The presses are rolling, and the voice of the Key Peninsula can still be heard, thanks to some fast action taken by the newspaper staff and the board of the Key Peninsula Civic Center (KPCCA). The executive committee and the newspaper staff engineered a summit meeting July 15, in response to the resignation of the Executive Editor Rodika Tollefson.

Tollefson’s resignation followed on the heels of Publishing Committee Chairman Bill Trandum’s. Trandum had been instrumental in the rebirth of the newspaper in February of 2003, after the KPCCA shut it down for five months due to financial losses. The newspaper has since “proven itself to be economically viable” and “has assembled a cadre of dedicated and public-spirited journalists,” Trandum said. The nonprofit newspaper is produced by three part-time paid staff and a small group of volunteers. A fourth paid position, assistant editor, was added in July.

At the July 15 meeting, the staff aired several concerns to committee members, including that editorial control was the issue leading to the resignation of Tollefson, Trandum and a longtime staff writer.

“While past and present members of the Civic Center board deserve a great deal of credit for founding and sponsoring the community news bulletin that eventually became today’s Key Pen News, the editorial controls that they insist on prevent staff from reporting on subjects the board considers to be inappropriate, divisive, or controversial,” Tollefson said in a statement prior to the July 15 meeting. “I did not feel that as a journalist I could lead a paper where I am not fully allowed to use my professional judgment…It would be my hope that the board will see the value of an independent voice. I think the community deserves that.”

Apparently, that is exactly what the executive committee heard and believed. A special meeting of the KPCCA board was called July 18, and the board voted to accept a revision to the policy language concerning the organization of the newspaper. The revision moved the publishing responsibility of Key Peninsula News from the executive committee to a board of directors comprised of three staff members and two executive committee members.

The KPCCA will maintain ownership of the newspaper, which will continue to serve its goal of community building, but individuals who actually produce the Key Peninsula News will oversee its operations and policies.

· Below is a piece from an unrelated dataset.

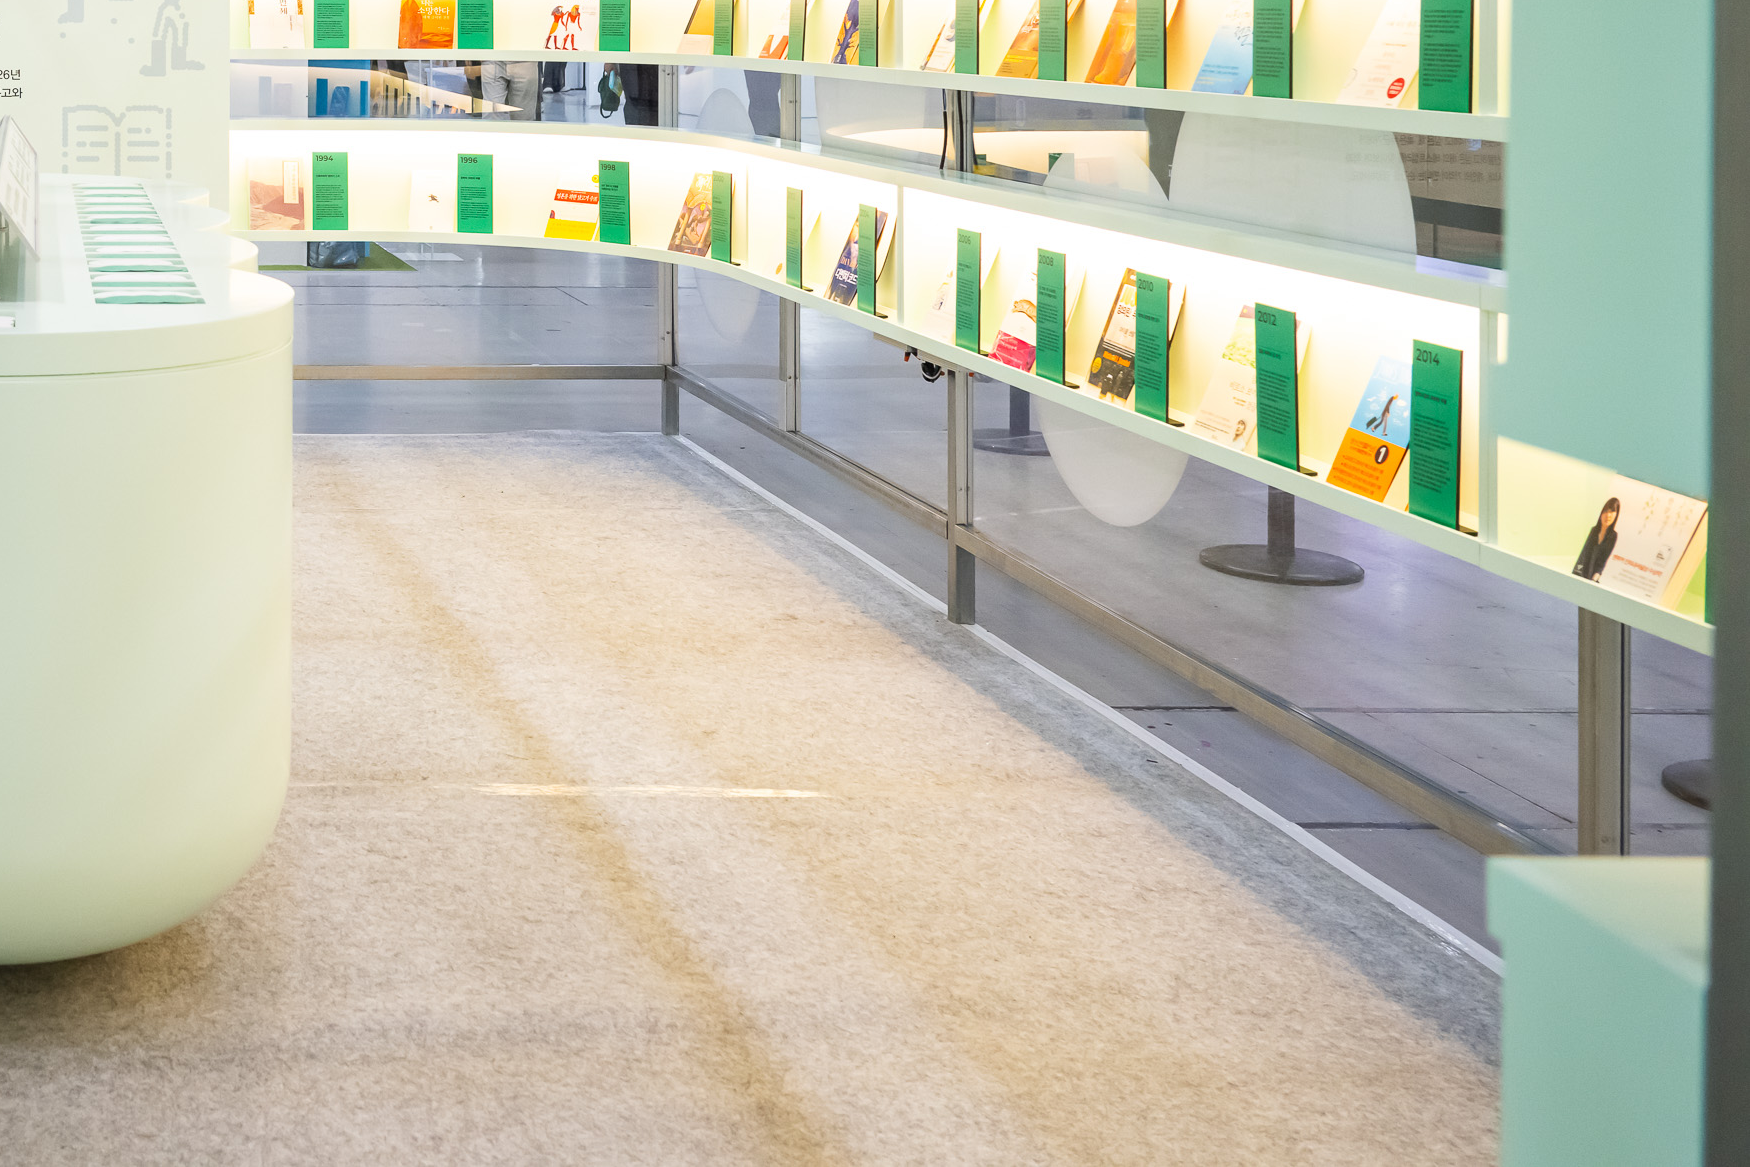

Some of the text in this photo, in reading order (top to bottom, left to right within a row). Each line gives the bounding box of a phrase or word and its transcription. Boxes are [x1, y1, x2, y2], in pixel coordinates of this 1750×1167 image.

KPCCA Executive Committee Vice President Loyd Miller said the KPCCA vote to approve the revision was unanimous. “We still have to have an editor, and I hope the people on the staff will stay with us,” he said. Tollefson expressed her belief earlier that the staff would remain on board if the revision were approved.

Tollefson said part of her decision to leave was due to the time commitment the paper has required and that after 18 months of many volunteer hours she needed to focus on other priorities. She said her original goals for the reborn paper were accomplished and she felt it was time to find a new leader. But she stated she would “gladly remain in a limited capacity” such as a volunteer writer if “the Key Peninsula News is allowed to become a truly independent voice without the political pull of various groups.”

Both Trandum and Tollefson offered to assist the Civic Center in making a smooth transition to new leadership.

The executive committee is sorry to see Tollefson leave, according to Miller.